- What the task requires
Print each record exactly as it appears, but drop the images.

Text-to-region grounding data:
-- Opening Marker --

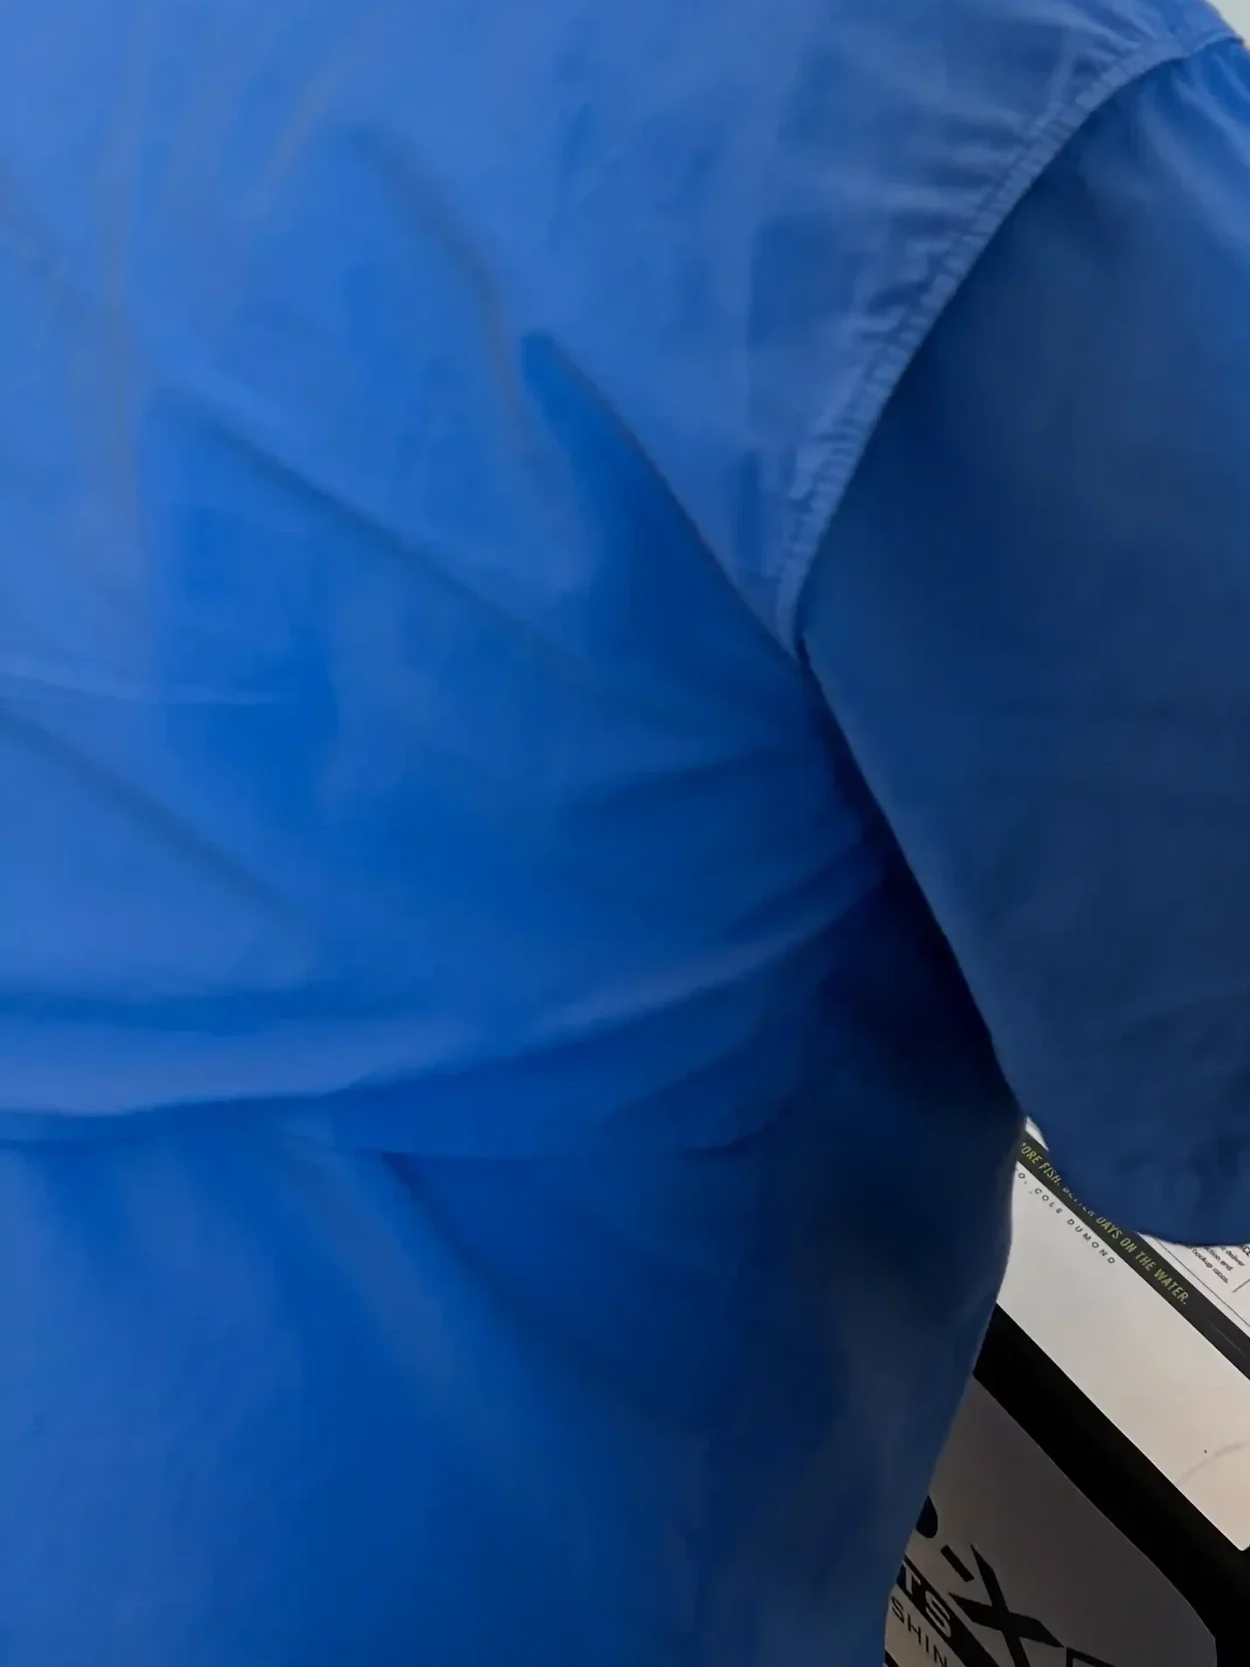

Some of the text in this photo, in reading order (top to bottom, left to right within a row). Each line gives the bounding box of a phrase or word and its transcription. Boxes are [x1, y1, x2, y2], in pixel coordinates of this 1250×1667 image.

[1034, 1188, 1063, 1214] COLE
[1067, 1219, 1115, 1264] DUMOND
[1120, 1237, 1137, 1253] ON
[1135, 1251, 1157, 1271] THE
[1153, 1268, 1189, 1305] WATER.

-- Closing Marker --

- Finished exercise
Some of the text in this photo, in reading order (top to bottom, left to right within a row). Each line gives the bounding box of a phrase or word and its transcription. Boxes are [x1, y1, x2, y2], in pixel coordinates of this 1250×1667 image.

[1034, 1188, 1063, 1214] COLE
[1067, 1219, 1115, 1264] DUMOND
[1120, 1237, 1137, 1253] ON
[1135, 1251, 1157, 1271] THE
[1153, 1268, 1189, 1305] WATER.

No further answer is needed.